“She Just Disappeared”

Of course it was “Mariela*” who didn’t show up to SutiSana to work, our youngest artisan barely out of her teens, already a mom of her own two children and raising her orphaned brother.

Mariela* is everyone’s little sister.  Despite the horrific physical and sexual abuse she experienced being the child of generational prostitution and being trafficked herself, Mariela* is the playful ray of sunshine in our SutiSana workshop.  She giggles at her own sly jokes, links arms with anyone willing to share one, and is constantly flabbergasted by the family atmosphere of the SutiSana workshop after the Brazilian sweatshop where she worked 12 hours a day.

She just had a powerful experience with God during our Word Made Flesh retreat, and had come off of that mountaintop experience proclaiming, “God spoke to me for the first time in my life!  I heard Him!”

And now, less than 24 hours later, she had disappeared and turned off her cell, leaving her kids and brother with her deadbeat boyfriend.

We dropped to our knees in prayer for her that day.  And the next.  And the next.

Surely she would show up on Monday, after a weekend to collect her thoughts.

She did not.  If she didn’t show up in two days, SutiSana would be legally required to fire her.  We were running out of time.
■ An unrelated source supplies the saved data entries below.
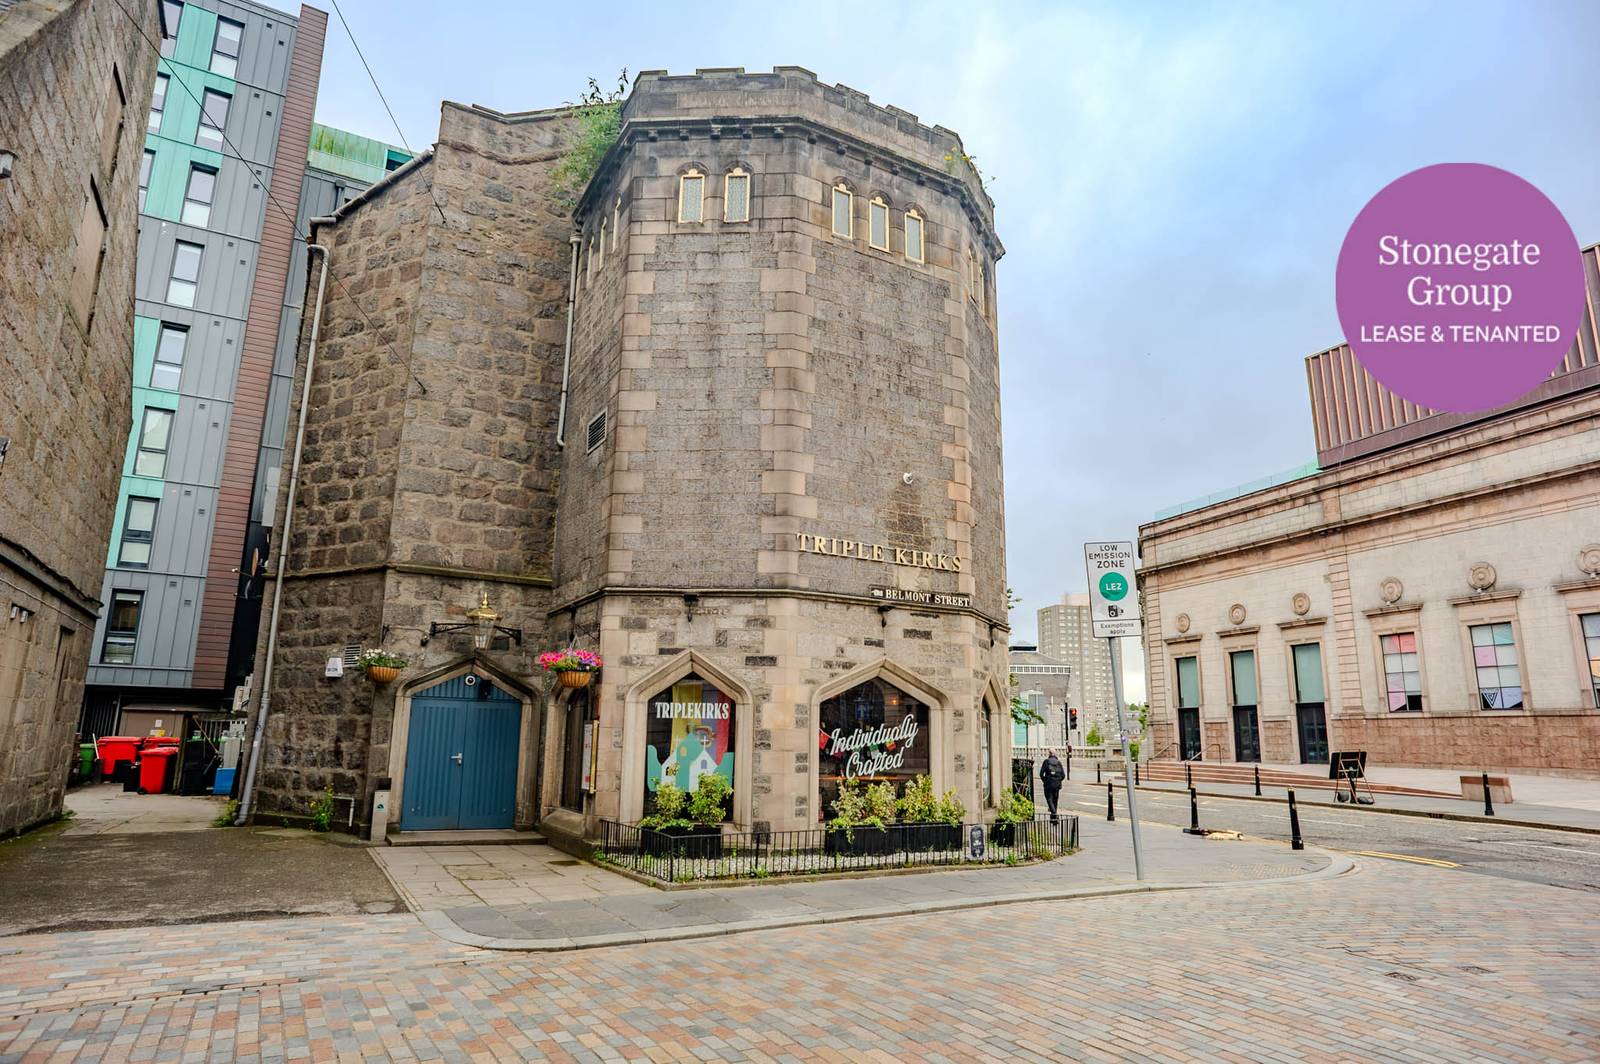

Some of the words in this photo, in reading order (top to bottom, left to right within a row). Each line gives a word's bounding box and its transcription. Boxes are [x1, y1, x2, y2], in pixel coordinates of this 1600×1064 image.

[796, 533, 885, 562] TRIPLE
[895, 547, 962, 572] KIRKS
[1100, 544, 1118, 552] LOW
[1088, 552, 1130, 560] EMISSION
[1097, 560, 1125, 568] ZONE
[1105, 583, 1122, 591] LEZ
[885, 589, 931, 603] BELMONT
[934, 594, 970, 607] STREET
[1100, 622, 1134, 630] Exemptions
[655, 702, 729, 719] TRIPLEKIRKS
[830, 714, 919, 756] Individually
[846, 746, 905, 780] Crafted
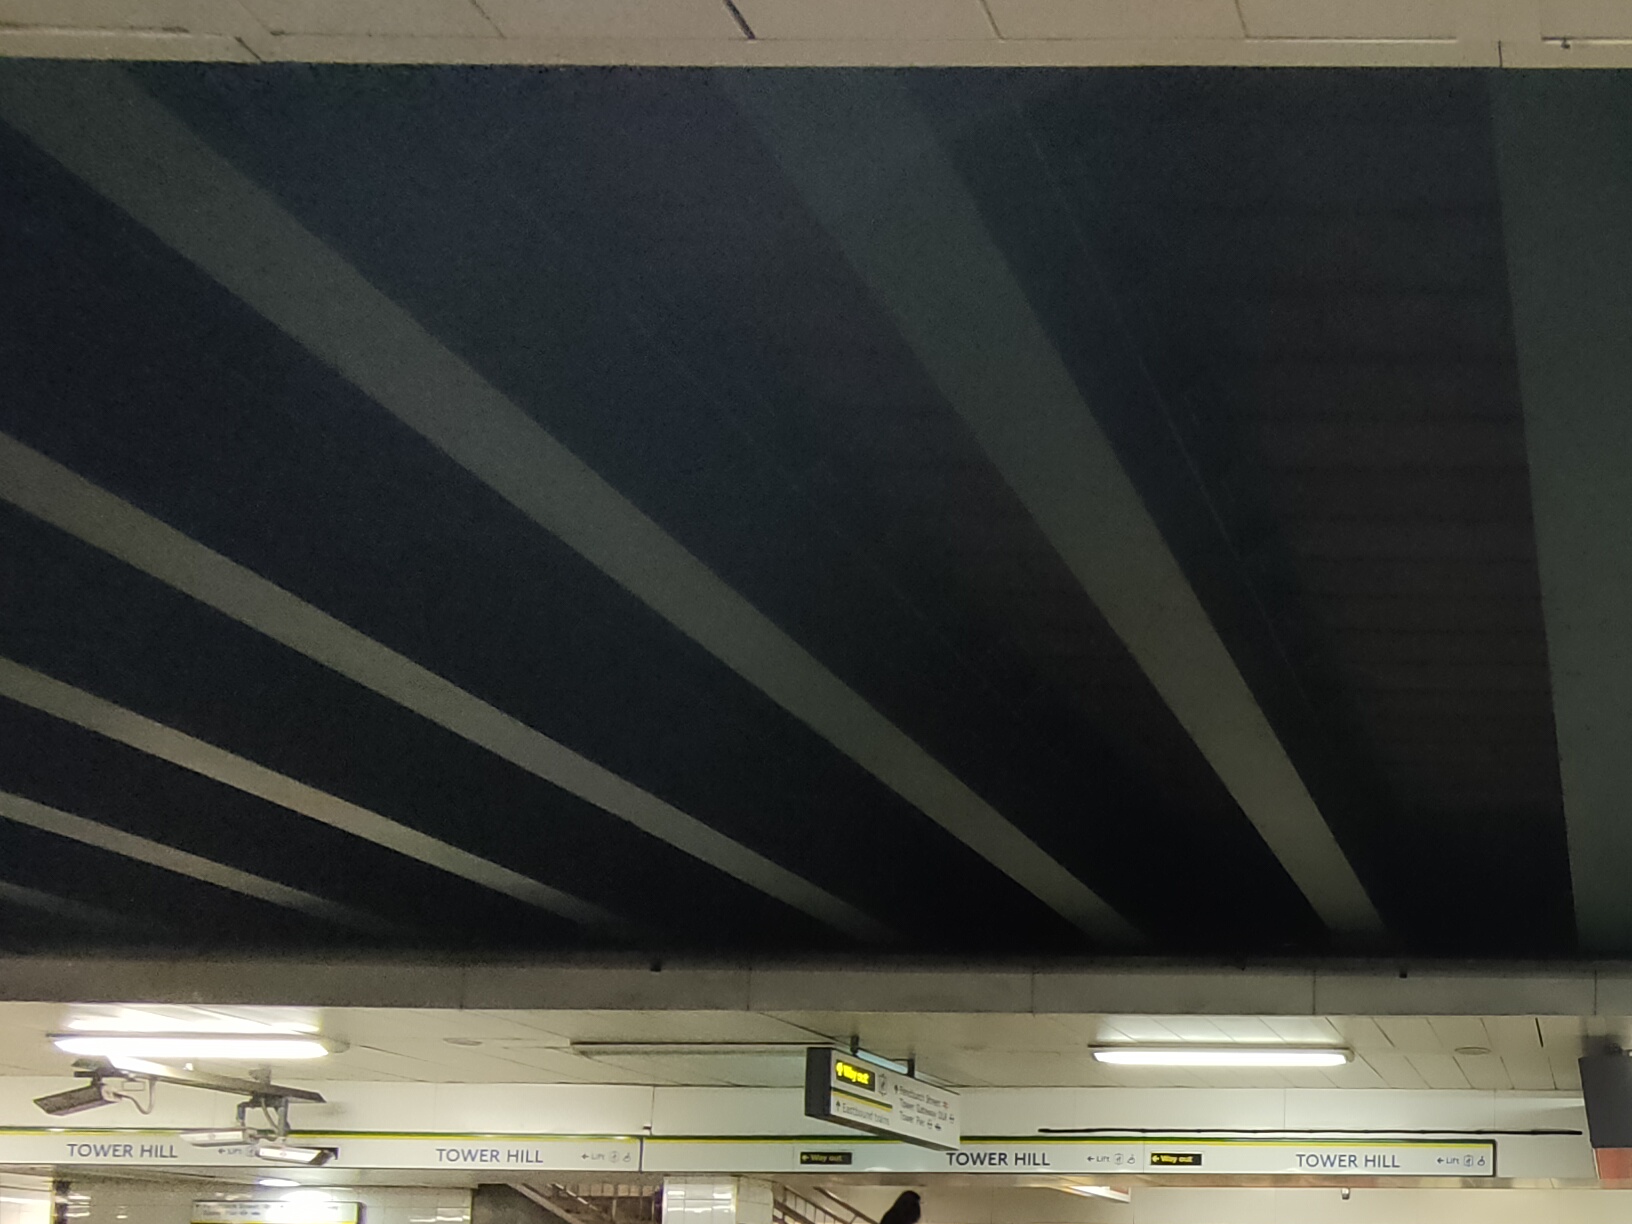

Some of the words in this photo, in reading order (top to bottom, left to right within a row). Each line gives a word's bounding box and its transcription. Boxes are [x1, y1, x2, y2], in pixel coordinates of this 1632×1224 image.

[842, 1103, 874, 1121] Eastbound
[67, 1144, 134, 1158] TOWER
[140, 1144, 178, 1158] HILL
[436, 1149, 500, 1162] TOWER
[506, 1149, 543, 1163] HILL
[946, 1152, 1009, 1166] TOWER
[1014, 1152, 1050, 1166] HILL
[1096, 1155, 1110, 1163] Lift
[1160, 1155, 1178, 1164] Way
[1179, 1155, 1193, 1163] out
[1296, 1154, 1358, 1168] TOWER
[1364, 1154, 1400, 1168] HILL
[1446, 1156, 1460, 1165] Lift
But then she called her aunt, who also works in SutiSana, and her aunt encouraged her to just come in and talk.  So she showed up, and quietly asked to talk to our business manager.  And then she went upstairs and intentionally met with the coordinator of her kids’ program.  And then she talked to her therapist.  And also her social worker.

And then, she was back!  Like any addict who falls off the wagon or any prodigal hobbling back to her father, she was battling a landslide of shame and self-recrimination.  She ducked her head and shyly submitted to our bear hugs, but her eyes looked tired and a bit haunted.

Meanwhile, I was blinking away tears and thinking, “This girl is my hero.”  I’m pretty sure that if I was running away from my trauma-ridden past and taking care of three children while working full-time, I would have just kept running.  I cannot imagine the strength it took her to stop, take a deep breath, and turn back towards the overwhelming stress and crush of her life.

Mariela* is an orphan, barely twenty years old, who is raising three children without having had any childhood to speak of herself.  As long as we in SutiSana and Word Made Flesh can be her stability, her structure, her support, and her family, we will be, welcoming her home with open arms as many times as it takes.

By: Cara Strauss Contreras, SutiSana Co-Founder

*Name changed for respect and privacy.